The modern-day discussion begins in earnest after that, with Tucker asking Putin why, if he believes that Ukraine is such a hodge-podge of cobbled-together lands that are really mostly Russian and Hungarian, didn’t he just take it back at the beginning of his presidency, 22 years ago?

The answer is obvious: because it wasn’t causing trouble then. Ukraine means “border”; even its name derives from being Russia’s border to Europe. The Soviet Union had let go of so many other territories—Russia’s aim wasn’t to regain territory, it was to guarantee a modicum of regional stability and security for Russia itself.

With NATO pushing right up to Russia’s borders—through the hand-puppet of Ukraine—that was no longer possible. That, and the nearly decade-long civil war that had been fomented in eastern Ukraine, right on Russia’s border, made it long-term impossible for Russia to just stand by and watch NATO—the U.S.—militarize its border.

The U.S. was positively braying about how it not only had the right to take up Ukraine as its ally, but also to move some of its own nuclear weapons there. It was utter madness to anyone who wasn’t 100% in the tank for NATO’s—and primarily the U.S.‘s—view of how the world works.

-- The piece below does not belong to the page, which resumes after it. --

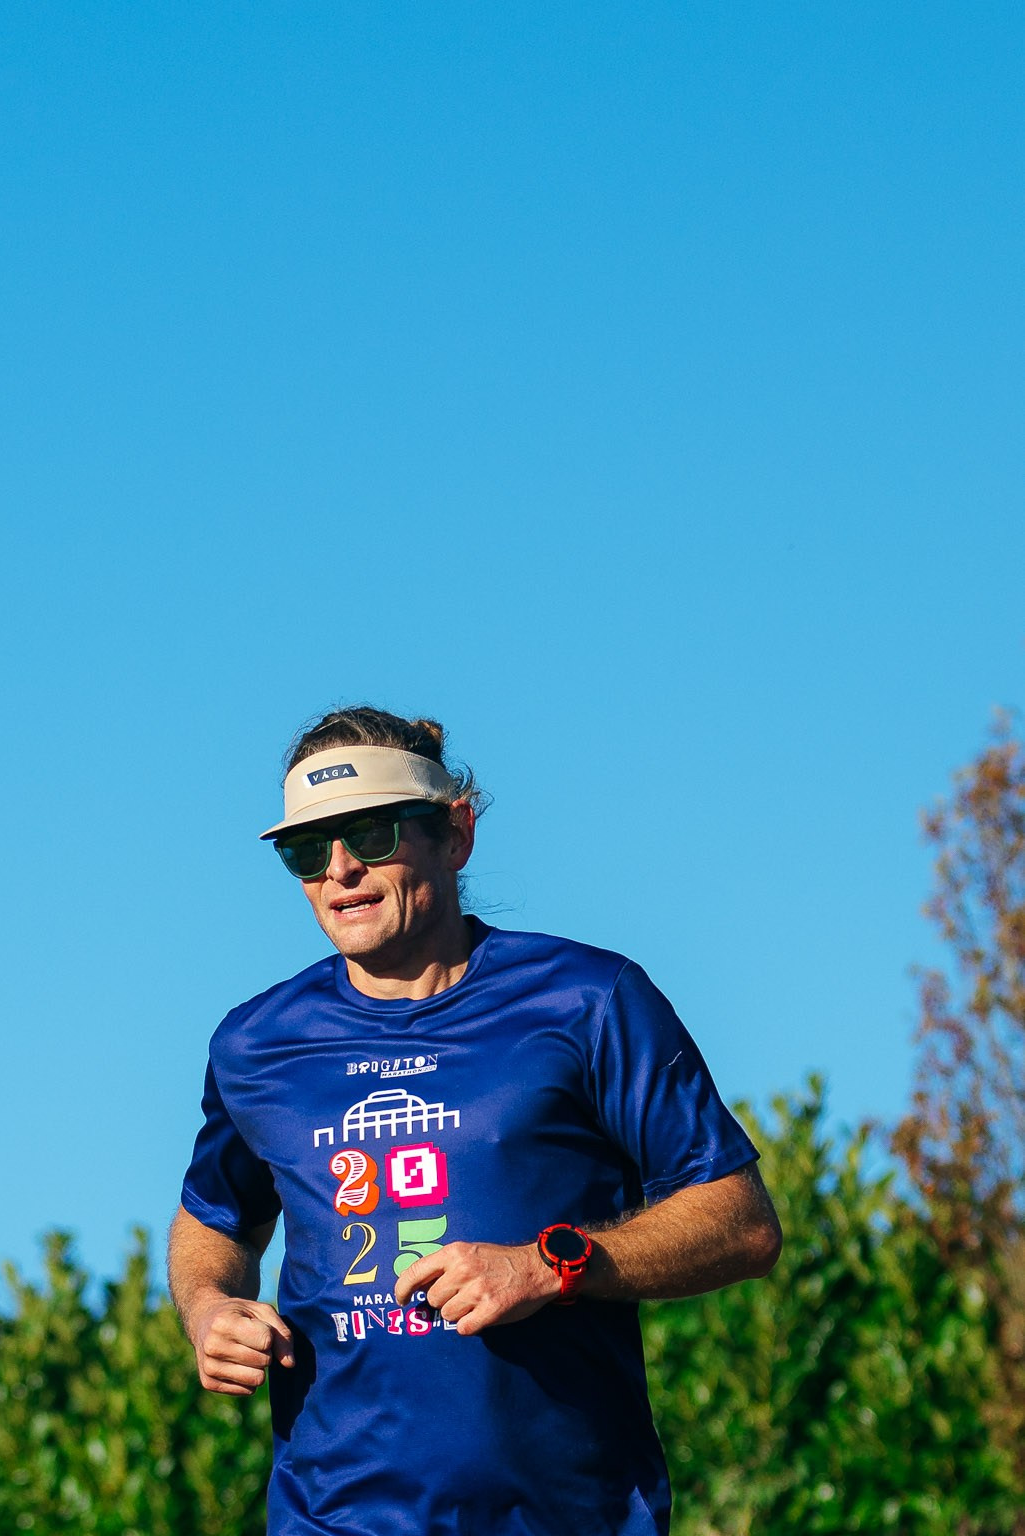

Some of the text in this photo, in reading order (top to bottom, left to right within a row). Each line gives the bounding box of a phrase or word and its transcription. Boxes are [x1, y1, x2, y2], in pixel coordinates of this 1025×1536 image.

“I understand that my long speeches probably fall outside of the genre of an interview. That is why I asked you at the beginning: ”Are we going to have a serious talk or a show?“ You said — a serious talk. So bear with me please.”

Deep breath. We’re up to 1991 now. He finishes up the history lesson. Tucker asks,

“But we have a strong China that the West doesn’t seem to be very afraid of. What about Russia, what do you think convinced the policymakers to take it down?”

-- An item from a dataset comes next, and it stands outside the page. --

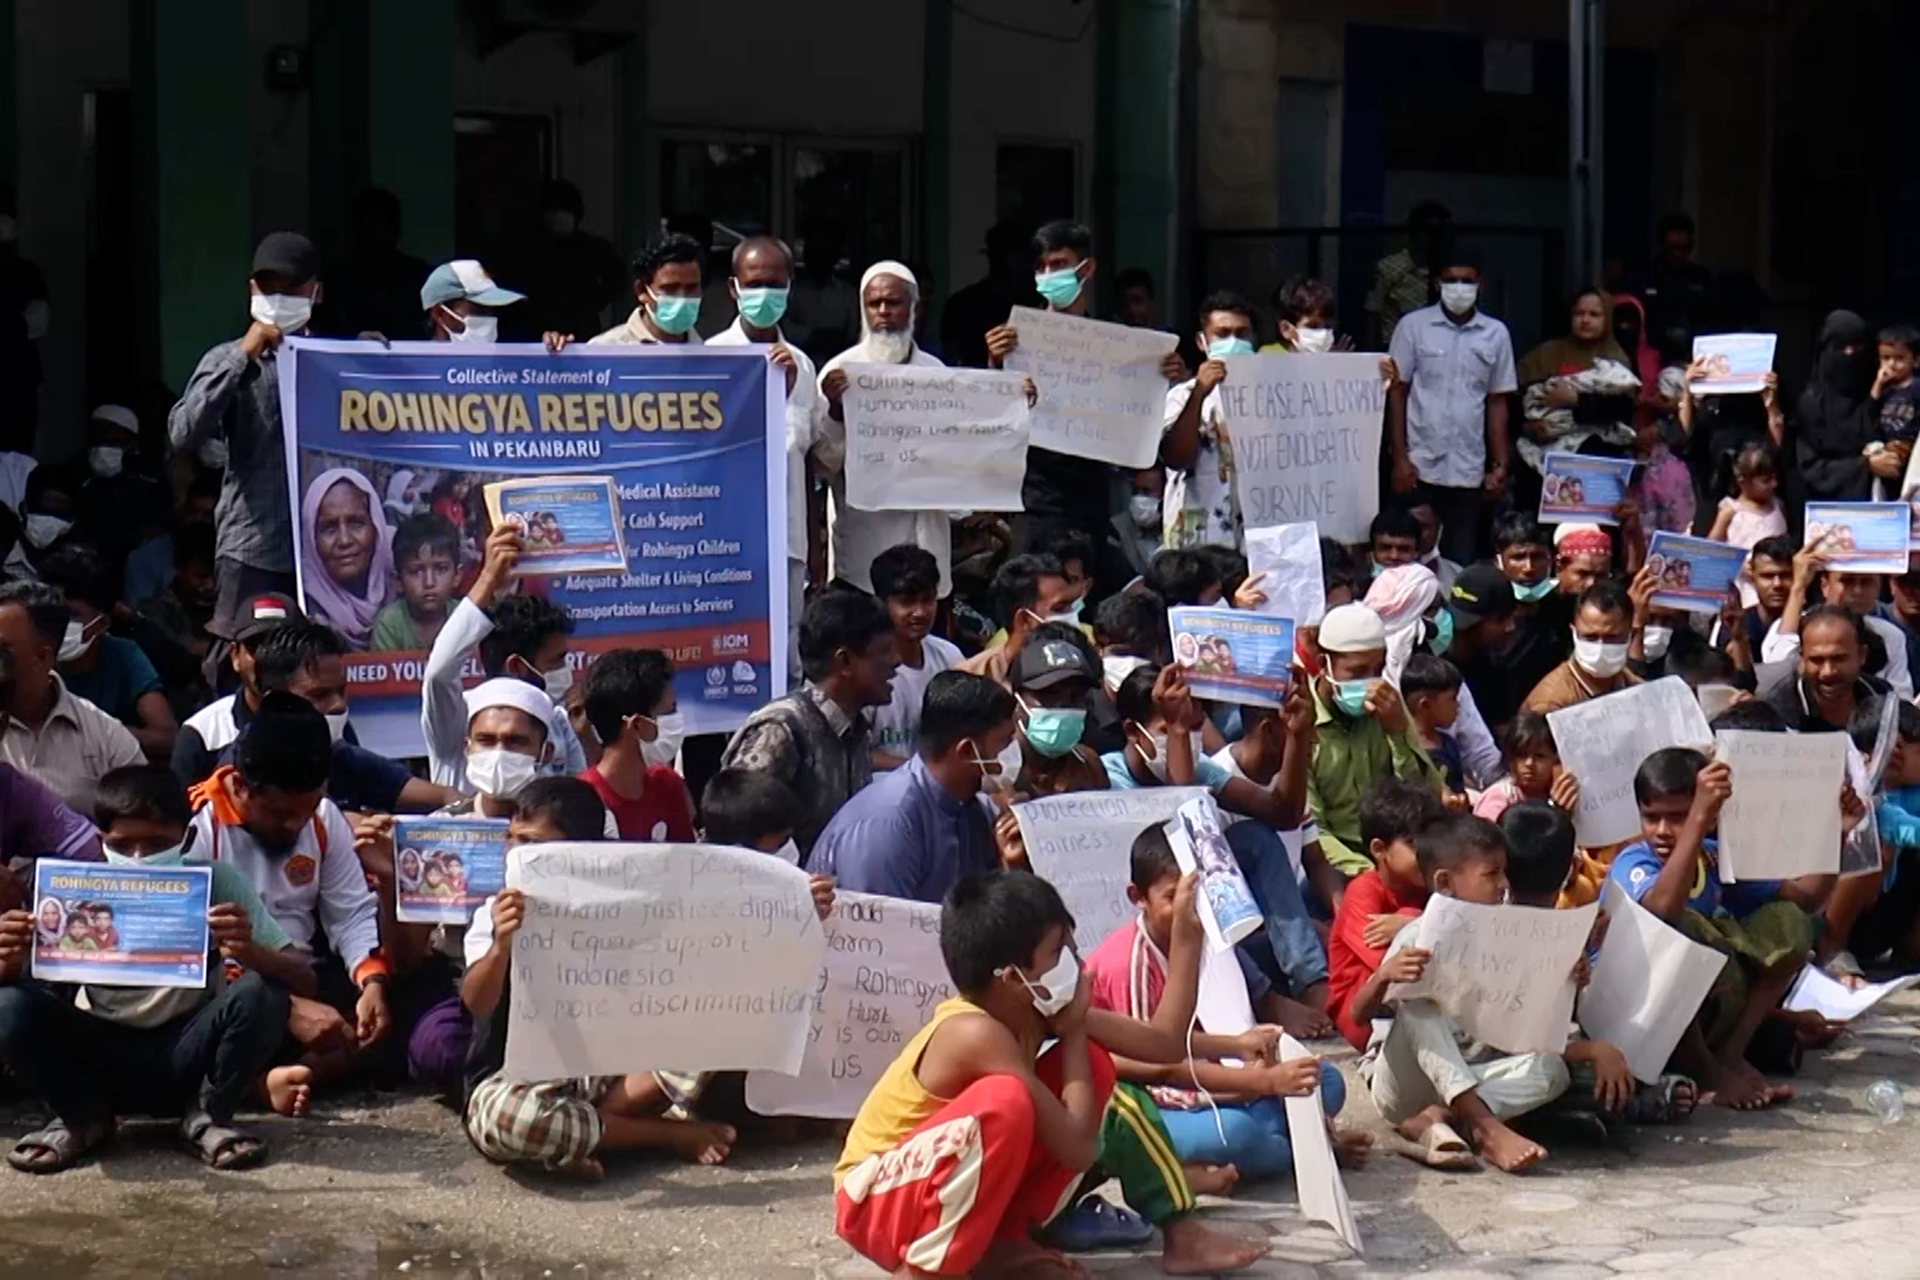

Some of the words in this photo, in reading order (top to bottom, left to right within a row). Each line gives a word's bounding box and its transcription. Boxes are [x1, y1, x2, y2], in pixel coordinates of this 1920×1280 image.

This is ludicrous on its face. How can anyone think that the U.S. is not afraid of China? They’re sanctioning them to death and encircling them with bases. Putin answers,

The West is afraid of a strong China more than it fears a strong Russia because Russia has 150 million people, and China has a 1.5 billion population, and its economy is growing by leaps and bounds — over five percent a year, it used to be even more. But that’s enough for China. As Bismark once put it, potentials are most important. China’s potential is enormous — it is the biggest economy in the world today in terms of purchasing power parity and the size of the economy. It has already overtaken the United States, quite a long time ago, and it is growing at a rapid clip.

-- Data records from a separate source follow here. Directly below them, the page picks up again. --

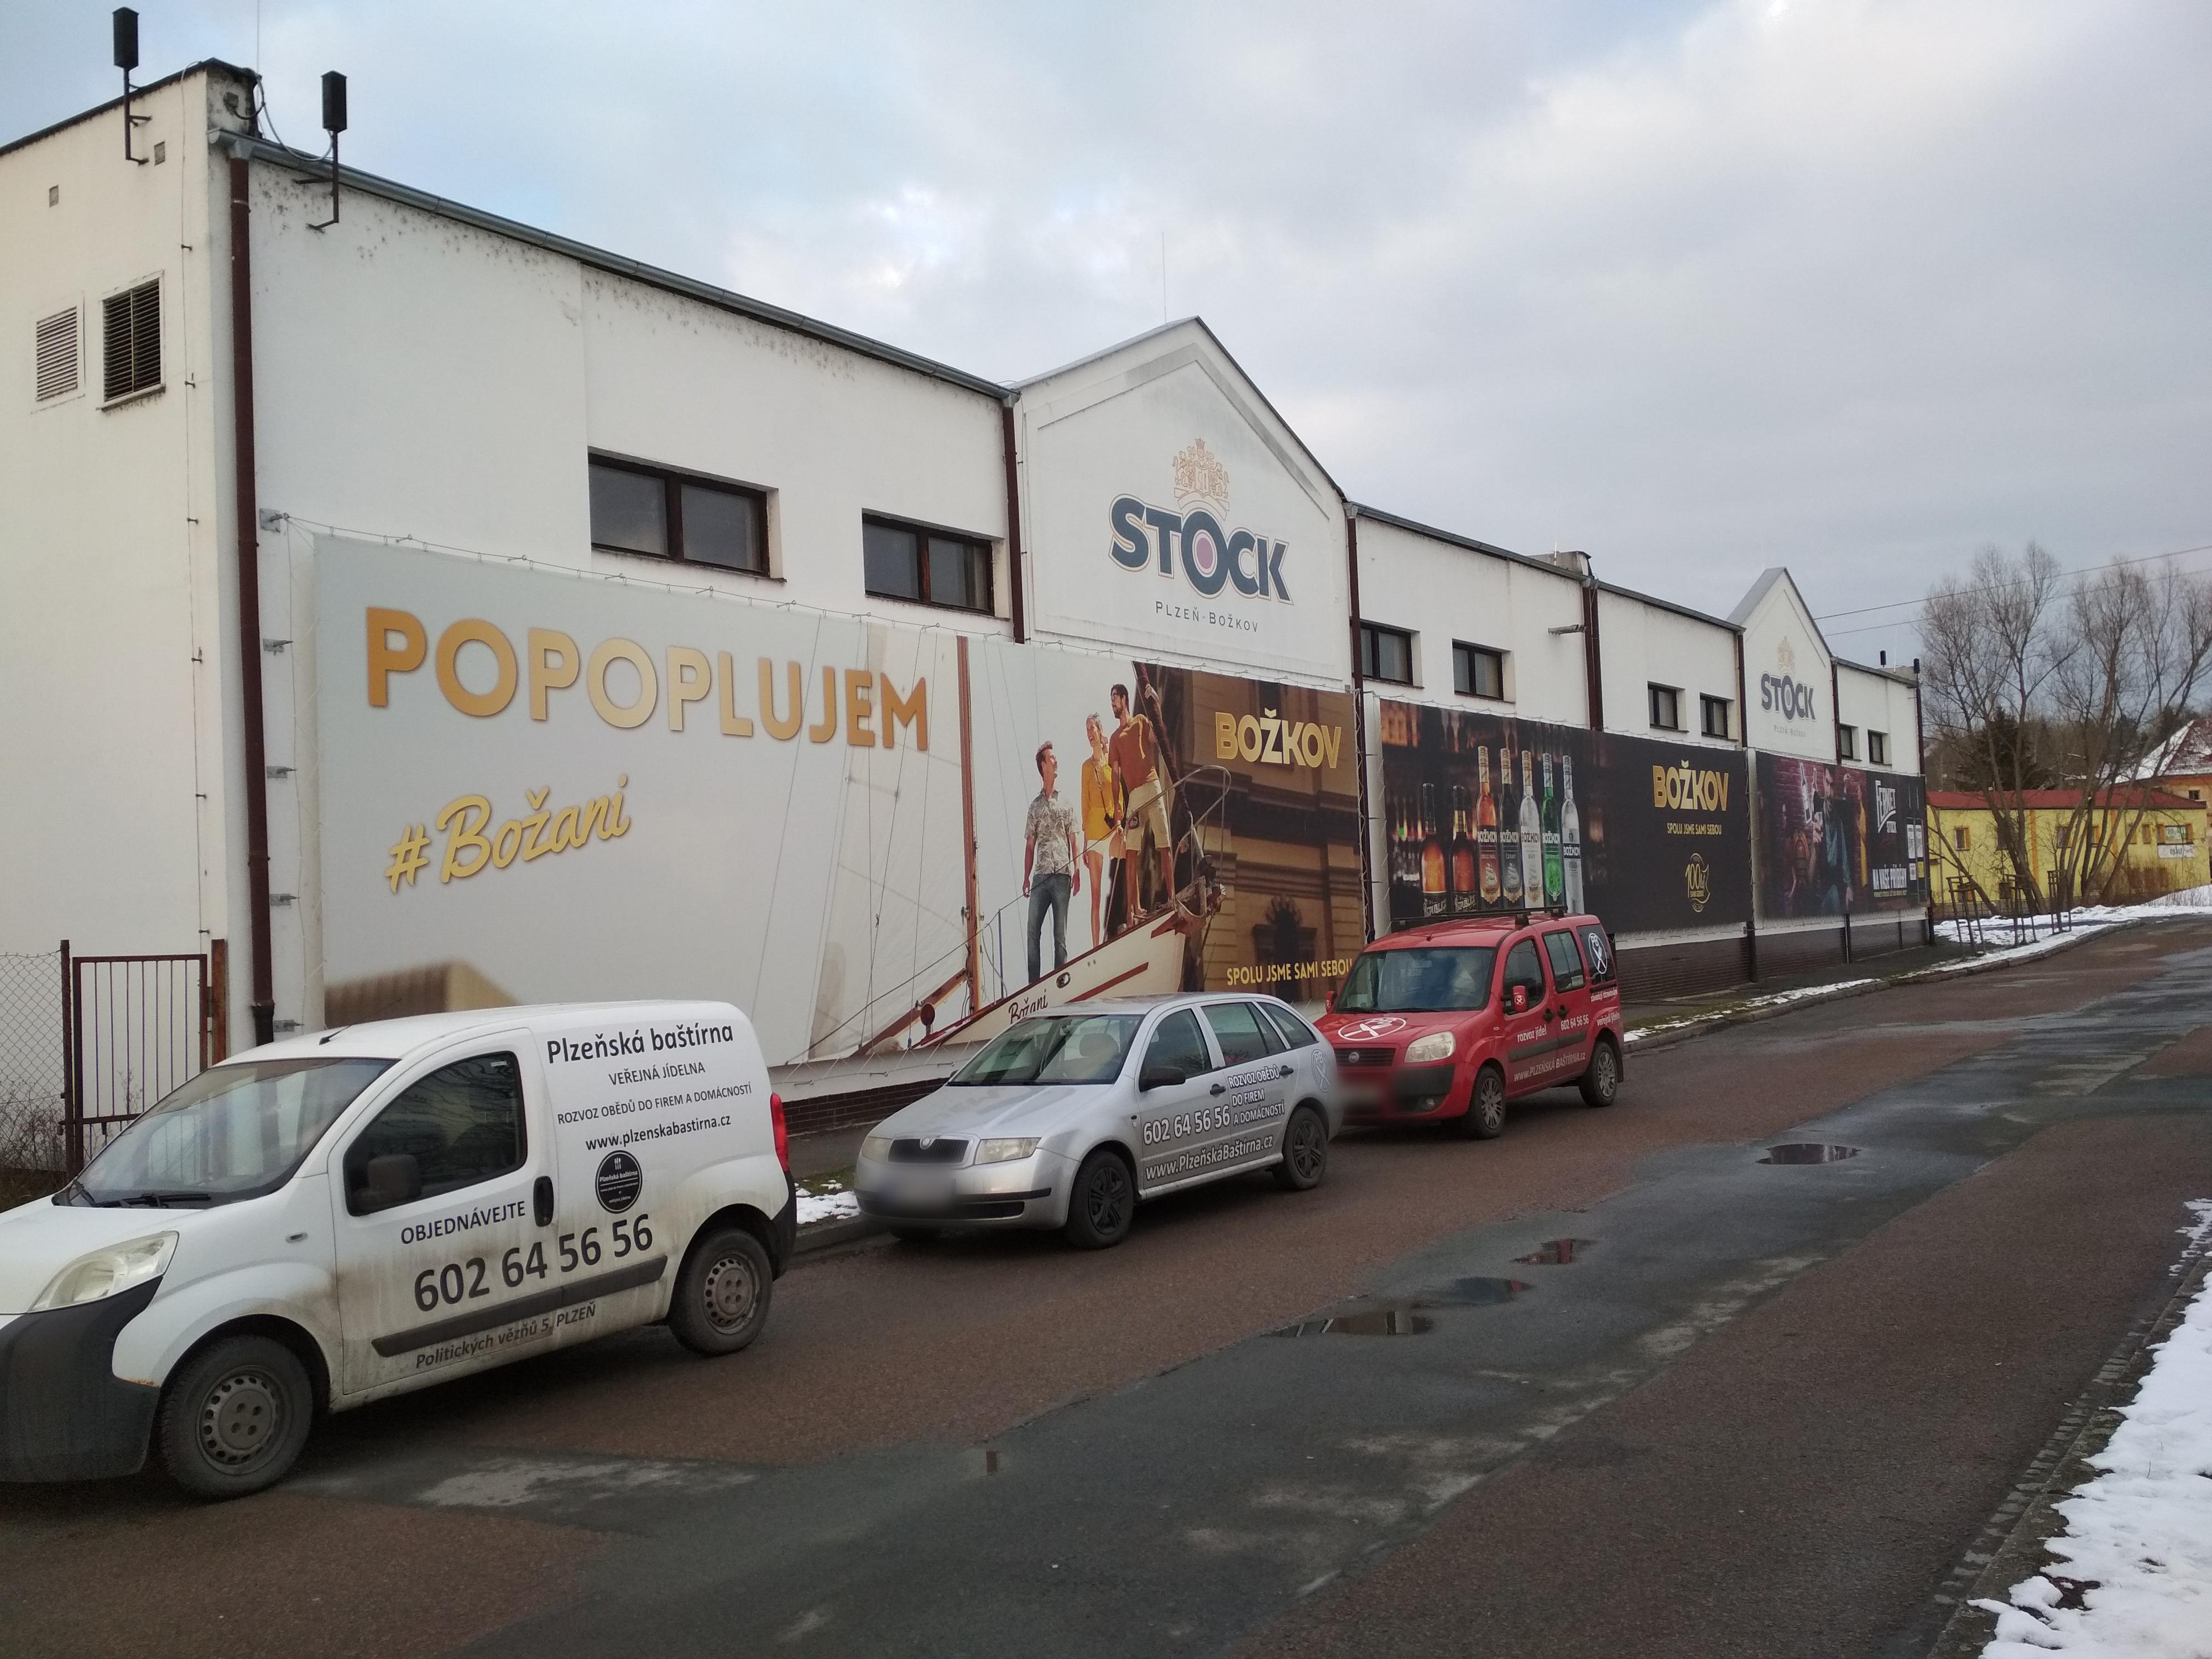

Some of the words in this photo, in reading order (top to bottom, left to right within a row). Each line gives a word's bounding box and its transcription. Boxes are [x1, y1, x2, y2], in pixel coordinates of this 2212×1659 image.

[1108, 493, 1294, 606] STOCK
[366, 606, 927, 751] POPOPLUJEM
[1760, 670, 1817, 723] STOCK
[1215, 707, 1342, 769] BOŽKOV
[1652, 759, 1729, 811] BOŽKOV
[384, 774, 631, 894] #Božani
[1667, 822, 1682, 834] SPOLU
[1683, 823, 1694, 834] JSME
[1695, 823, 1707, 834] SAMI
[1707, 824, 1721, 835] SEBOU
[1685, 863, 1700, 898] 100
[1227, 966, 1263, 985] SPOLU
[1266, 963, 1292, 982] JSME
[1294, 961, 1318, 979] SAMI
[547, 1029, 645, 1064] Plzeňská
[650, 1022, 734, 1051] baštírna
[1517, 1033, 1534, 1043] rozvoz
[1535, 1024, 1547, 1040] jídel
[1561, 1020, 1570, 1031] 602
[1570, 1018, 1576, 1029] 64
[1576, 1016, 1583, 1027] 56
[1583, 1014, 1589, 1025] 56
[608, 1065, 660, 1086] VEŘEJNÁ
[662, 1061, 706, 1078] JÍDELNA
[1228, 1072, 1256, 1089] ROZVOZ
[1257, 1065, 1280, 1083] OBĚDŮ
[557, 1108, 599, 1125] ROZVOZ
[601, 1099, 635, 1117] OBĚDŮ
[638, 1099, 653, 1111] DO
[655, 1094, 684, 1108] FIREM
[686, 1093, 692, 1104] A
[694, 1081, 752, 1103] DOMÁCNOSTÍ
[1232, 1093, 1243, 1107] DO
[1244, 1088, 1265, 1104] FIREM
[1233, 1112, 1239, 1125] A
[1240, 1100, 1285, 1124] DOMÁCNOSTÍ
[586, 1115, 732, 1151] www.plzenskabastirna.cz
[1143, 1118, 1171, 1145] 602
[1173, 1113, 1191, 1138] 64
[1194, 1109, 1212, 1134] 56
[1214, 1105, 1231, 1129] 56
[1146, 1135, 1274, 1181] www.PlzeňskáBaštírna.cz
[400, 1201, 526, 1244] OBJEDNÁVEJTE
[414, 1257, 490, 1312] 602
[502, 1241, 548, 1287] 64
[559, 1227, 601, 1272] 56
[612, 1213, 653, 1258] 56
[415, 1333, 494, 1369] Politických
[498, 1318, 538, 1345] vězňů
[556, 1301, 596, 1328] PLZEŇ

Let’s not talk about who is afraid of whom, let’s not reason in such terms. And let’s get into the fact that after 1991, when Russia expected that it would be welcomed into the brotherly family of ”civilized nations,“ nothing like this happened. You tricked us.

We move on from there to the underpinnings of the current conflict in Ukraine. Putin reiterates the history of the Minsk agreement up until the end of 2021 and mentions, not for the last time, how the west just lies about everything, that they “simply led us by the nose,” which, well, he’s not wrong. The U.S.—and Europe in its wake—sees itself always as on the right side of history and in the moral role in anything that it does, so it sees no problem with simply lying to get what it wants. The ends justify the means, if Russia is to be vanquished.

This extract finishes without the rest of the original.